I believe gamers are craving a no compromise, full speed ahead, damn the torpedoes hardcore EverQuest experience that they are not getting today’s dumbed down, kiddy friendly, everyone’s a winner fantasy MMORPG. While I applaud SOE/Daybreak for trying new things at some point you have to realize that you have the magical formula all along. There’s no need for a New Coke when Classic Coke was loved by millions around the world. There’s no need to improve on a Stradivarius by redesigning the venerable violin. Go with what you know and what works.

The millions of people who played EverQuest over the years have not gone away. We are still here. We are waiting to once again heed the call to battle to venture forth into the magical and dangerous world of Norrath.
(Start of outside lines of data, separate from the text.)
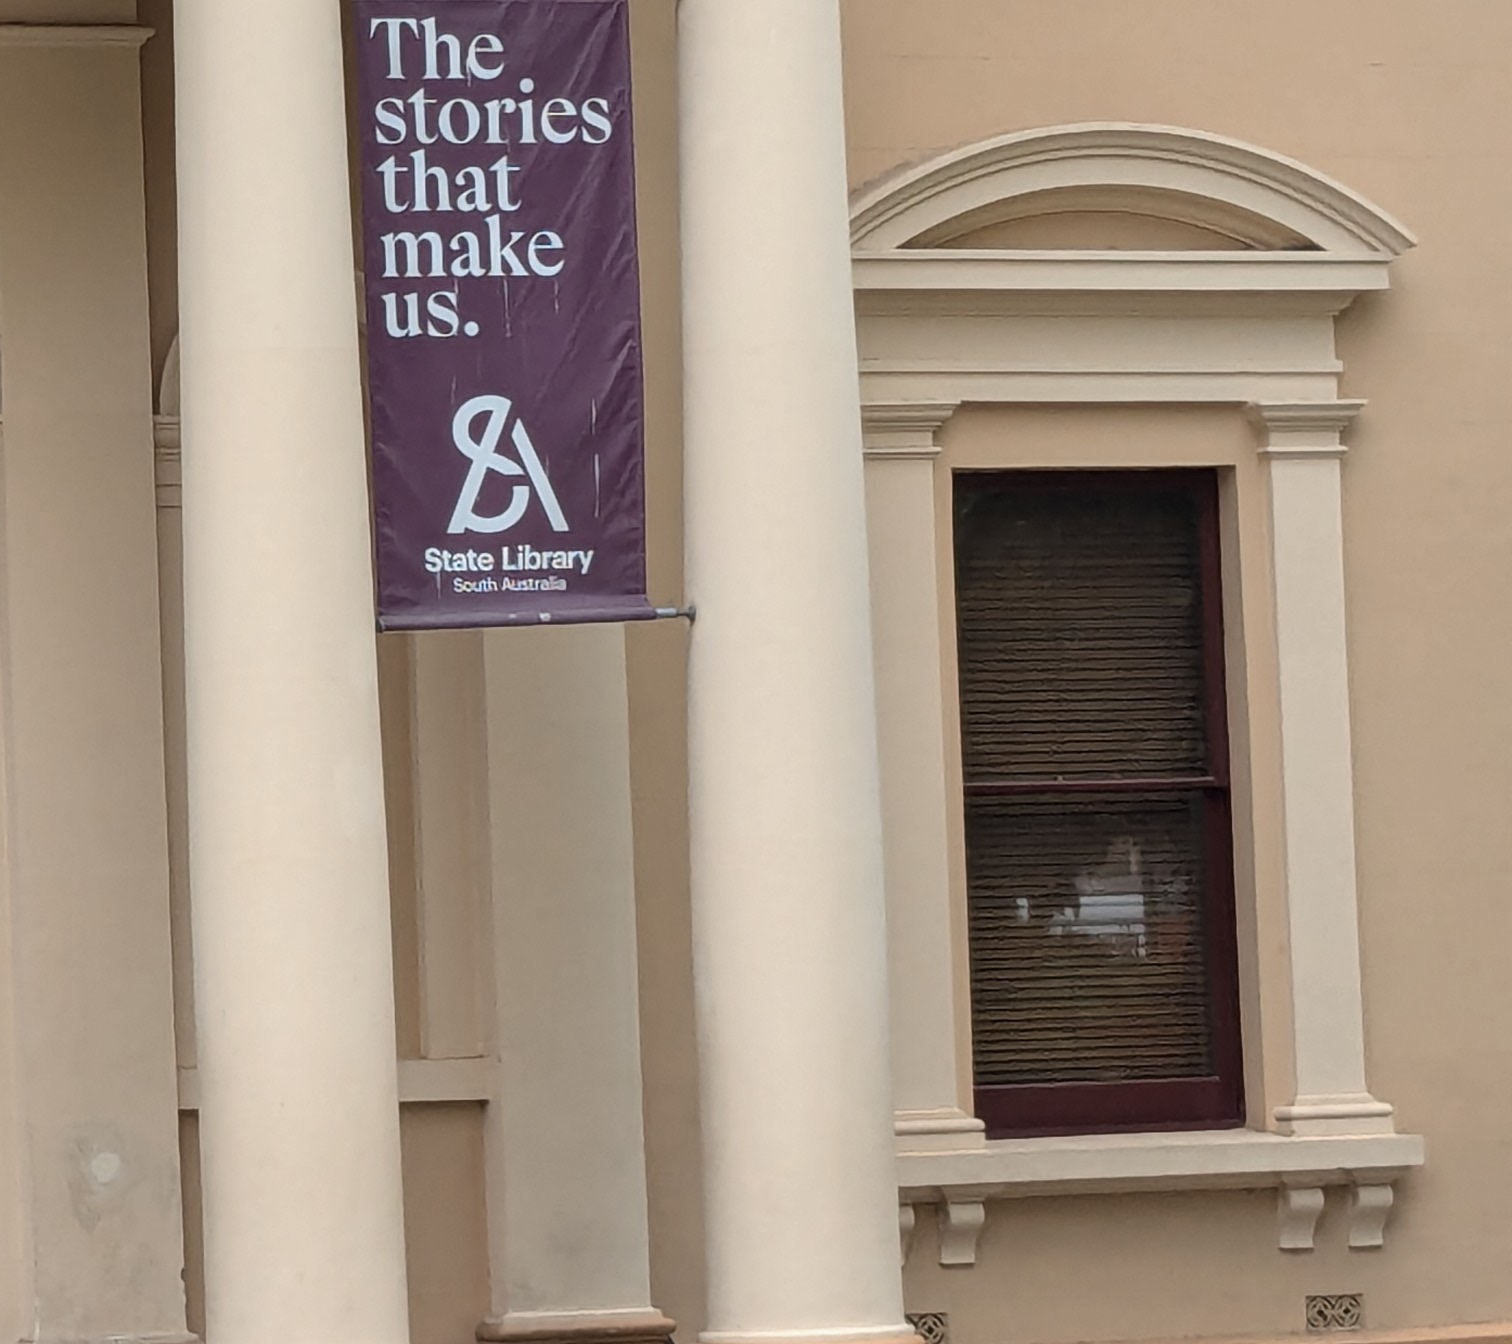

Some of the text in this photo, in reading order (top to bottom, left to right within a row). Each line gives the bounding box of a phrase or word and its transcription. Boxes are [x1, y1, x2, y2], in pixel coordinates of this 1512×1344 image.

[369, 16, 505, 80] The
[375, 77, 612, 144] stories
[376, 148, 522, 212] that
[380, 213, 565, 277] make
[382, 291, 480, 338] us.
[424, 544, 594, 575] State Library
[453, 575, 567, 593] South Australia
Sixteen long years later, we and a generation of new gamers are craving an authentic, hardcore MMORPG experience that changed the video game industry and put EverQuest on the map.
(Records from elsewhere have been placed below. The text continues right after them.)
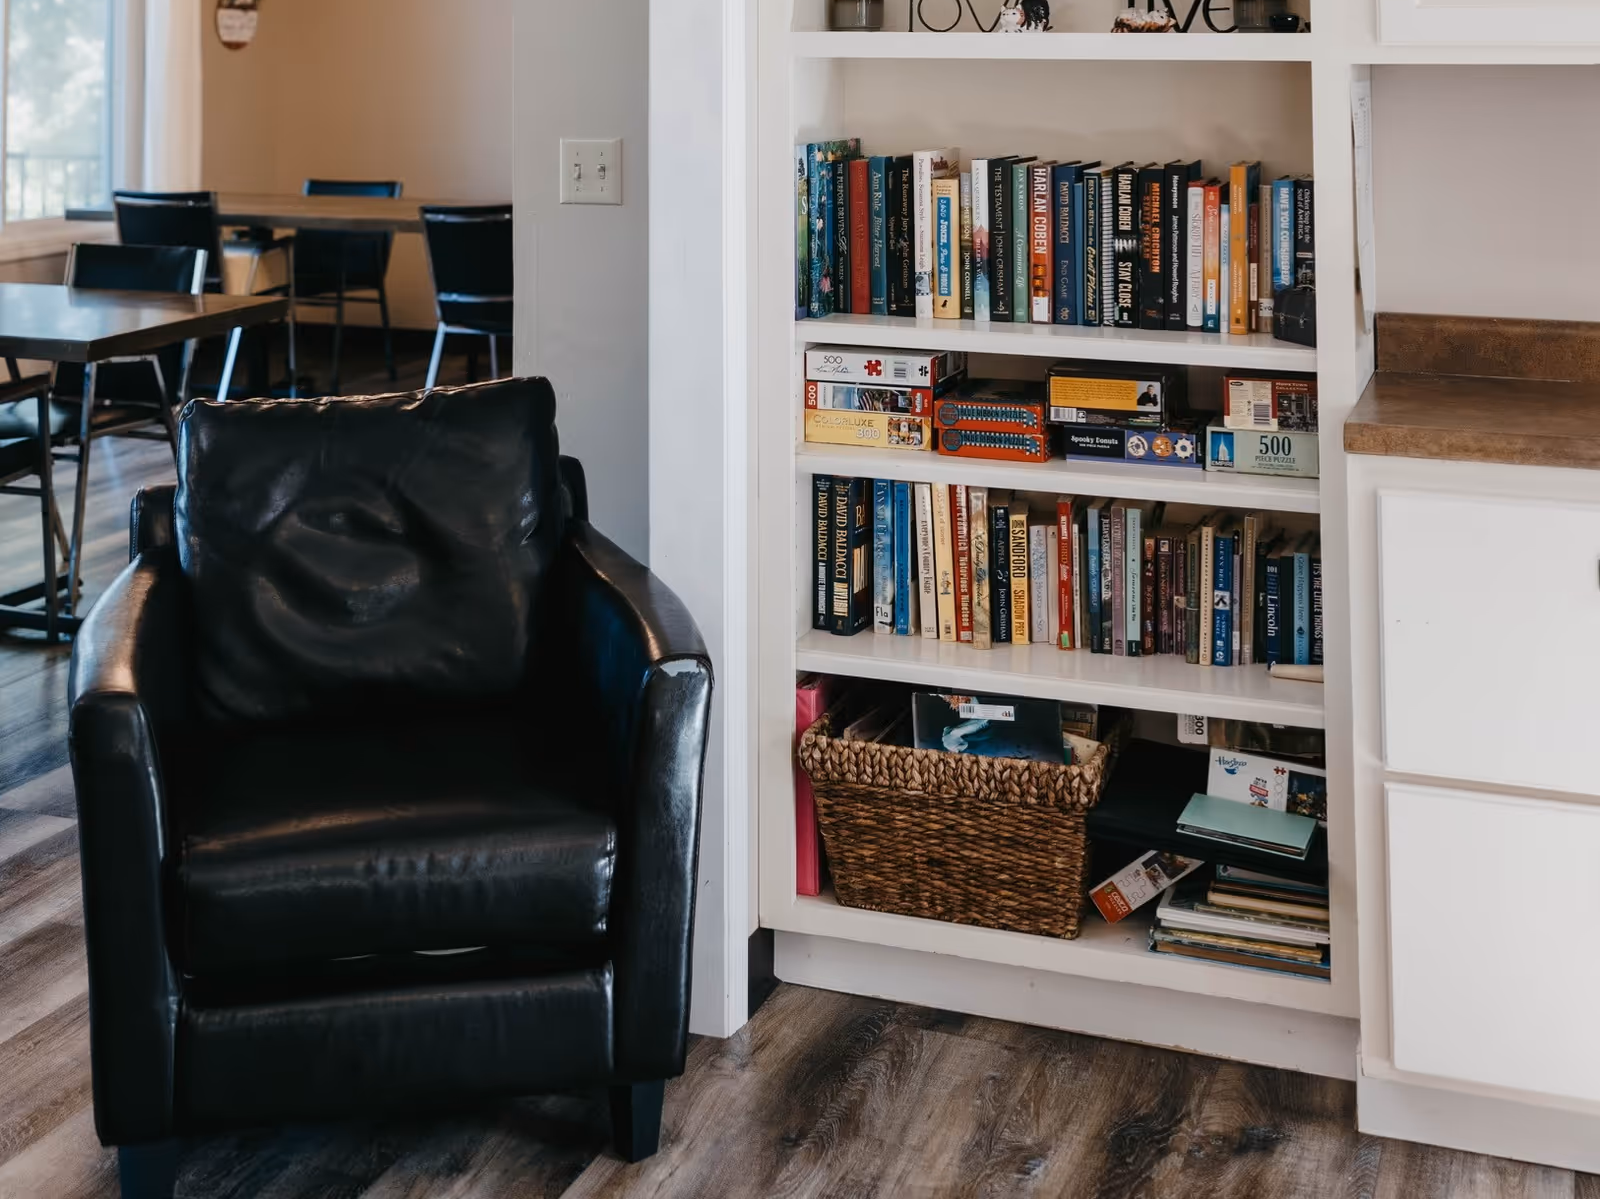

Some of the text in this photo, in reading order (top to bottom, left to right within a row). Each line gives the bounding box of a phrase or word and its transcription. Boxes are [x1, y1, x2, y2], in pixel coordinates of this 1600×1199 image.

[873, 170, 882, 211] Ann Rule
[901, 183, 909, 215] Runaway
[994, 167, 1003, 229] THE TESTAMENT
[1118, 173, 1132, 231] HARLAN COBEN
[1171, 175, 1179, 209] Honeymoon
[1303, 188, 1311, 210] Chicken
[901, 216, 909, 231] Jury
[1033, 167, 1047, 254] HARLAN COBEN
[1060, 181, 1069, 244] DAVID BALDACCI
[1171, 215, 1179, 230] James
[1303, 210, 1311, 224] Soup
[874, 215, 882, 267] Bitter Harvest
[1151, 182, 1160, 273] MICHAEL CRICHTON
[1171, 230, 1179, 252] Patterson
[1279, 187, 1290, 286] HAVE YOU CONSIDERED?
[837, 232, 848, 254] Life
[1016, 239, 1024, 274] Common
[918, 254, 926, 269] Leigh
[940, 265, 948, 273] &
[995, 235, 1004, 295] JOHN GRISHAM
[1061, 259, 1069, 274] END
[1087, 246, 1096, 273] Great
[940, 273, 948, 294] RIDDLES
[1087, 274, 1096, 307] Plains
[1118, 261, 1132, 308] STAY CLOSE
[1171, 281, 1179, 303] Roughan
[824, 355, 843, 364] 500
[808, 385, 816, 406] 500
[814, 415, 874, 428] COLORLUXE
[960, 408, 975, 417] BLUE
[976, 409, 999, 418] RIBBON
[1000, 410, 1023, 419] PUZZLE
[856, 428, 880, 439] 300
[962, 434, 979, 443] BLUE
[980, 435, 1003, 445] RIBBON
[1003, 436, 1025, 446] PUZZLE
[1071, 435, 1118, 445] Spooky Donuts
[1260, 435, 1292, 456] 500
[876, 482, 887, 521] FANNIE
[817, 491, 827, 560] DAVID BALDACCI
[835, 496, 847, 579] DAVID BALDACCI
[956, 511, 968, 551] Evanovich
[876, 524, 888, 560] FLAGG
[973, 540, 985, 567] Daily
[997, 539, 1005, 566] APPEAL
[1012, 529, 1026, 578] SANDFORD
[920, 520, 932, 594] Everyone's Country Estate
[1267, 566, 1278, 574] 101
[818, 591, 826, 615] MIDNIGHT
[833, 581, 848, 617] DAYLIGHT
[959, 555, 969, 627] Notorious Nineteen
[1296, 576, 1305, 605] Happens
[1312, 562, 1323, 639] IT'S THE LITTLE THINGS
[875, 606, 889, 618] Fla
[998, 588, 1007, 640] JOHN GRISHAM
[1014, 589, 1025, 637] SHADOW PREY
[1267, 595, 1278, 637] Lincoln
[1195, 715, 1204, 735] 300
[1215, 756, 1247, 767] Hasbro
[1111, 891, 1128, 913] ceaco
Today gamers have grown tired of the unearned heroism and the vapidity of childish video games and instead are supporting hardcore games like Dark Souls that require actual skill and have the effect of giving players an immense and rare sense of satisfaction in victory.

There is but one path that leads to the Holy Grail and that is back to genius and magic of EverQuest itself. It is time for Daybreak Games to stop being ashamed of EverQuest and start embracing everything that made EverQuest great. All you need to do is take the design and lore of original EverQuest, expand and deepen it, add new art, new animations, update the user interface and combine it with the polish of World of Warcraft. Even the early expansions — minus the dreadful Omens of War — could be repeated and released. The entire blueprint and roadmap is there waiting for Daybreak Games.

Now that the future of EverQuest is in the post-Smedley era, this is a time of great opportunity. Daybreak Games needs to listen to the fans and create a successor to EverQuest that is worthy of the name. If they can accomplish that, then all is forgiven. Millions of long-suffering EverQuest fans have waited long enough. It’s time to reboot the reboot. Daybreak Games please create EverQuest 3!